• [Description of the task]
Each record must be retyped word for word.

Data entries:
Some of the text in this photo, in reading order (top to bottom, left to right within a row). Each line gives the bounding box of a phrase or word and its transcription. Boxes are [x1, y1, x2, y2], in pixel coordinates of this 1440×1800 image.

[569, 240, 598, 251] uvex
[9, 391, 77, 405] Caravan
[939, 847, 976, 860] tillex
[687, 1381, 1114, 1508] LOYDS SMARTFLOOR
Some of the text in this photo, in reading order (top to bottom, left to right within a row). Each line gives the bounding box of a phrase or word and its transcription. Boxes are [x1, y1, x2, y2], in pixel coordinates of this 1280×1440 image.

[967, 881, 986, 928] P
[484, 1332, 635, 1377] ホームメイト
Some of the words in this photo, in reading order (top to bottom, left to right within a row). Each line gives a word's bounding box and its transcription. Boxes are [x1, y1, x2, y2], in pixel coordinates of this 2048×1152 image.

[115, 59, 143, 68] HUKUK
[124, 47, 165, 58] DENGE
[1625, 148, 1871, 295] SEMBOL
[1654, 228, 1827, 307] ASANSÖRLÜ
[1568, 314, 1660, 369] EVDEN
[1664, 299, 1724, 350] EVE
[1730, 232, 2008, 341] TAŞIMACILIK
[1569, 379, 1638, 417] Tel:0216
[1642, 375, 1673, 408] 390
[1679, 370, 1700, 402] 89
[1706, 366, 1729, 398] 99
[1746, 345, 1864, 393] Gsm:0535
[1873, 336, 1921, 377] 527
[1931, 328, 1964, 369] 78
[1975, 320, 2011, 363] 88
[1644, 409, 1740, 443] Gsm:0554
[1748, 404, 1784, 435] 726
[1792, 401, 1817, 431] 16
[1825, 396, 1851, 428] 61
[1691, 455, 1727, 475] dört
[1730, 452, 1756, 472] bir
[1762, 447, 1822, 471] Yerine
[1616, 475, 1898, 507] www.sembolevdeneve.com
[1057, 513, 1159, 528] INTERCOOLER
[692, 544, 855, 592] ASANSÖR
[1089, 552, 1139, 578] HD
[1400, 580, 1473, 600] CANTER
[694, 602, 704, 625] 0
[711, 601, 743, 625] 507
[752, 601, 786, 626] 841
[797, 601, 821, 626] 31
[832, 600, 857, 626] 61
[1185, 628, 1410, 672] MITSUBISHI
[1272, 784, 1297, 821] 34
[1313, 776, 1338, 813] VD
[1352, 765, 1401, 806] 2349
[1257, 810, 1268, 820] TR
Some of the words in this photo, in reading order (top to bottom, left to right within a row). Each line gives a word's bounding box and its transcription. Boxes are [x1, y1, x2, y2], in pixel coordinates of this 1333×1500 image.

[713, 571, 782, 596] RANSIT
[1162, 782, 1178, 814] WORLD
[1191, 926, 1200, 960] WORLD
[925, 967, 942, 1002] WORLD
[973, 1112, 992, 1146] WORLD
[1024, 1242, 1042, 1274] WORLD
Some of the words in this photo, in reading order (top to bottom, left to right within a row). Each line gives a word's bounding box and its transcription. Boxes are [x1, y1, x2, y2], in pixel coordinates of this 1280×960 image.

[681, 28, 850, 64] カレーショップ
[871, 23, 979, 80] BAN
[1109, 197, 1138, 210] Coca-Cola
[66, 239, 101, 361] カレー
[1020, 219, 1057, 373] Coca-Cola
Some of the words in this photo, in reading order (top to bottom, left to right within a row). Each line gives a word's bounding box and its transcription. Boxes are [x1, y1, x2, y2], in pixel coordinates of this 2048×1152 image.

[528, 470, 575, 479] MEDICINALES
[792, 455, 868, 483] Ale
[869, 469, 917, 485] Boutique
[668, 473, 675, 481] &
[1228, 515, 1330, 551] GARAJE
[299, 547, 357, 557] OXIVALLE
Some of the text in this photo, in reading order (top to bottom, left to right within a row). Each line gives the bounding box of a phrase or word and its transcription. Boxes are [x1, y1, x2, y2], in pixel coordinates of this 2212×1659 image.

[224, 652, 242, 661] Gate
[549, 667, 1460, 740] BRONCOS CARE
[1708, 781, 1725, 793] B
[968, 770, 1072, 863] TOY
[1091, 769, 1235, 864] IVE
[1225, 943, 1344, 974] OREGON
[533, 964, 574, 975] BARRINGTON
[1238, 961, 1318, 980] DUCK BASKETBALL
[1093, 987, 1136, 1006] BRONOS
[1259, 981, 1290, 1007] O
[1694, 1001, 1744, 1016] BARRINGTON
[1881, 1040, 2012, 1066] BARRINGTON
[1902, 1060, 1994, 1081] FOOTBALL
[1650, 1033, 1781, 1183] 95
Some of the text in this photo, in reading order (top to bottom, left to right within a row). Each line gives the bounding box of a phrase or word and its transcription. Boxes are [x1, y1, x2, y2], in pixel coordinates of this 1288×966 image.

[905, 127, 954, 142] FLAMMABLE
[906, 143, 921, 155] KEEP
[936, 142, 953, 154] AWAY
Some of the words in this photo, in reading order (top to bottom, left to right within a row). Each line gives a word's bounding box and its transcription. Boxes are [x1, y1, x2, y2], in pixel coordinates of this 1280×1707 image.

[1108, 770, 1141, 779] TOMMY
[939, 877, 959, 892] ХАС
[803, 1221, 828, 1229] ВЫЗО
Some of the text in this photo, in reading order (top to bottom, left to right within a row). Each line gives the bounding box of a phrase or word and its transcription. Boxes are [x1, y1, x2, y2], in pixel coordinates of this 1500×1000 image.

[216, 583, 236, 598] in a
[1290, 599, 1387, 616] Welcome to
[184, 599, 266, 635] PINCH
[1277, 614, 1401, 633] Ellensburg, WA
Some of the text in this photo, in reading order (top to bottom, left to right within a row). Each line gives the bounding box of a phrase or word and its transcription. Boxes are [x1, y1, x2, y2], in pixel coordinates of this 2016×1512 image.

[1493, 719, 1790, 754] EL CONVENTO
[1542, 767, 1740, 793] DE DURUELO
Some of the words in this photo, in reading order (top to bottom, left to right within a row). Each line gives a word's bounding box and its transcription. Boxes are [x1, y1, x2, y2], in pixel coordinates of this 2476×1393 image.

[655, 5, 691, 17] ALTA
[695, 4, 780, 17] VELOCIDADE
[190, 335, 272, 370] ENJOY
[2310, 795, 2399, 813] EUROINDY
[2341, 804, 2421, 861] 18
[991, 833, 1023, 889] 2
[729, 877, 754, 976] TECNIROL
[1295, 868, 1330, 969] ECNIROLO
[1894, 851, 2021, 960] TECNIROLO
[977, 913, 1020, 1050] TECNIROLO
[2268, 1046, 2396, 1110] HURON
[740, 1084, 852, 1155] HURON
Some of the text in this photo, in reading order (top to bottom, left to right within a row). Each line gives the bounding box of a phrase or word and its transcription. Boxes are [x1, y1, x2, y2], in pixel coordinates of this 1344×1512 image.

• [Problem solution]
Some of the text in this photo, in reading order (top to bottom, left to right within a row). Each line gives the bounding box of a phrase or word and its transcription. Boxes are [x1, y1, x2, y2], in pixel coordinates of this 1440×1800 image.

[569, 240, 598, 251] uvex
[9, 391, 77, 405] Caravan
[939, 847, 976, 860] tillex
[687, 1381, 1114, 1508] LOYDS SMARTFLOOR
Some of the text in this photo, in reading order (top to bottom, left to right within a row). Each line gives the bounding box of a phrase or word and its transcription. Boxes are [x1, y1, x2, y2], in pixel coordinates of this 1280×1440 image.

[967, 881, 986, 928] P
[484, 1332, 635, 1377] ホームメイト
Some of the words in this photo, in reading order (top to bottom, left to right within a row). Each line gives a word's bounding box and its transcription. Boxes are [x1, y1, x2, y2], in pixel coordinates of this 2048×1152 image.

[115, 59, 143, 68] HUKUK
[124, 47, 165, 58] DENGE
[1625, 148, 1871, 295] SEMBOL
[1654, 228, 1827, 307] ASANSÖRLÜ
[1568, 314, 1660, 369] EVDEN
[1664, 299, 1724, 350] EVE
[1730, 232, 2008, 341] TAŞIMACILIK
[1569, 379, 1638, 417] Tel:0216
[1642, 375, 1673, 408] 390
[1679, 370, 1700, 402] 89
[1706, 366, 1729, 398] 99
[1746, 345, 1864, 393] Gsm:0535
[1873, 336, 1921, 377] 527
[1931, 328, 1964, 369] 78
[1975, 320, 2011, 363] 88
[1644, 409, 1740, 443] Gsm:0554
[1748, 404, 1784, 435] 726
[1792, 401, 1817, 431] 16
[1825, 396, 1851, 428] 61
[1691, 455, 1727, 475] dört
[1730, 452, 1756, 472] bir
[1762, 447, 1822, 471] Yerine
[1616, 475, 1898, 507] www.sembolevdeneve.com
[1057, 513, 1159, 528] INTERCOOLER
[692, 544, 855, 592] ASANSÖR
[1089, 552, 1139, 578] HD
[1400, 580, 1473, 600] CANTER
[694, 602, 704, 625] 0
[711, 601, 743, 625] 507
[752, 601, 786, 626] 841
[797, 601, 821, 626] 31
[832, 600, 857, 626] 61
[1185, 628, 1410, 672] MITSUBISHI
[1272, 784, 1297, 821] 34
[1313, 776, 1338, 813] VD
[1352, 765, 1401, 806] 2349
[1257, 810, 1268, 820] TR
Some of the words in this photo, in reading order (top to bottom, left to right within a row). Each line gives a word's bounding box and its transcription. Boxes are [x1, y1, x2, y2], in pixel coordinates of this 1333×1500 image.

[713, 571, 782, 596] RANSIT
[1162, 782, 1178, 814] WORLD
[1191, 926, 1200, 960] WORLD
[925, 967, 942, 1002] WORLD
[973, 1112, 992, 1146] WORLD
[1024, 1242, 1042, 1274] WORLD
Some of the words in this photo, in reading order (top to bottom, left to right within a row). Each line gives a word's bounding box and its transcription. Boxes are [x1, y1, x2, y2], in pixel coordinates of this 1280×960 image.

[681, 28, 850, 64] カレーショップ
[871, 23, 979, 80] BAN
[1109, 197, 1138, 210] Coca-Cola
[66, 239, 101, 361] カレー
[1020, 219, 1057, 373] Coca-Cola
Some of the words in this photo, in reading order (top to bottom, left to right within a row). Each line gives a word's bounding box and its transcription. Boxes are [x1, y1, x2, y2], in pixel coordinates of this 2048×1152 image.

[528, 470, 575, 479] MEDICINALES
[792, 455, 868, 483] Ale
[869, 469, 917, 485] Boutique
[668, 473, 675, 481] &
[1228, 515, 1330, 551] GARAJE
[299, 547, 357, 557] OXIVALLE
Some of the text in this photo, in reading order (top to bottom, left to right within a row). Each line gives the bounding box of a phrase or word and its transcription. Boxes are [x1, y1, x2, y2], in pixel coordinates of this 2212×1659 image.

[224, 652, 242, 661] Gate
[549, 667, 1460, 740] BRONCOS CARE
[1708, 781, 1725, 793] B
[968, 770, 1072, 863] TOY
[1091, 769, 1235, 864] IVE
[1225, 943, 1344, 974] OREGON
[533, 964, 574, 975] BARRINGTON
[1238, 961, 1318, 980] DUCK BASKETBALL
[1093, 987, 1136, 1006] BRONOS
[1259, 981, 1290, 1007] O
[1694, 1001, 1744, 1016] BARRINGTON
[1881, 1040, 2012, 1066] BARRINGTON
[1902, 1060, 1994, 1081] FOOTBALL
[1650, 1033, 1781, 1183] 95
Some of the text in this photo, in reading order (top to bottom, left to right within a row). Each line gives the bounding box of a phrase or word and its transcription. Boxes are [x1, y1, x2, y2], in pixel coordinates of this 1288×966 image.

[905, 127, 954, 142] FLAMMABLE
[906, 143, 921, 155] KEEP
[936, 142, 953, 154] AWAY
Some of the words in this photo, in reading order (top to bottom, left to right within a row). Each line gives a word's bounding box and its transcription. Boxes are [x1, y1, x2, y2], in pixel coordinates of this 1280×1707 image.

[1108, 770, 1141, 779] TOMMY
[939, 877, 959, 892] ХАС
[803, 1221, 828, 1229] ВЫЗО
Some of the text in this photo, in reading order (top to bottom, left to right within a row). Each line gives the bounding box of a phrase or word and its transcription. Boxes are [x1, y1, x2, y2], in pixel coordinates of this 1500×1000 image.

[216, 583, 236, 598] in a
[1290, 599, 1387, 616] Welcome to
[184, 599, 266, 635] PINCH
[1277, 614, 1401, 633] Ellensburg, WA
Some of the text in this photo, in reading order (top to bottom, left to right within a row). Each line gives the bounding box of a phrase or word and its transcription. Boxes are [x1, y1, x2, y2], in pixel coordinates of this 2016×1512 image.

[1493, 719, 1790, 754] EL CONVENTO
[1542, 767, 1740, 793] DE DURUELO
Some of the words in this photo, in reading order (top to bottom, left to right within a row). Each line gives a word's bounding box and its transcription. Boxes are [x1, y1, x2, y2], in pixel coordinates of this 2476×1393 image.

[655, 5, 691, 17] ALTA
[695, 4, 780, 17] VELOCIDADE
[190, 335, 272, 370] ENJOY
[2310, 795, 2399, 813] EUROINDY
[2341, 804, 2421, 861] 18
[991, 833, 1023, 889] 2
[729, 877, 754, 976] TECNIROL
[1295, 868, 1330, 969] ECNIROLO
[1894, 851, 2021, 960] TECNIROLO
[977, 913, 1020, 1050] TECNIROLO
[2268, 1046, 2396, 1110] HURON
[740, 1084, 852, 1155] HURON
Some of the text in this photo, in reading order (top to bottom, left to right within a row). Each line gives the bounding box of a phrase or word and its transcription. Boxes are [x1, y1, x2, y2], in pixel coordinates of this 1344×1512 image.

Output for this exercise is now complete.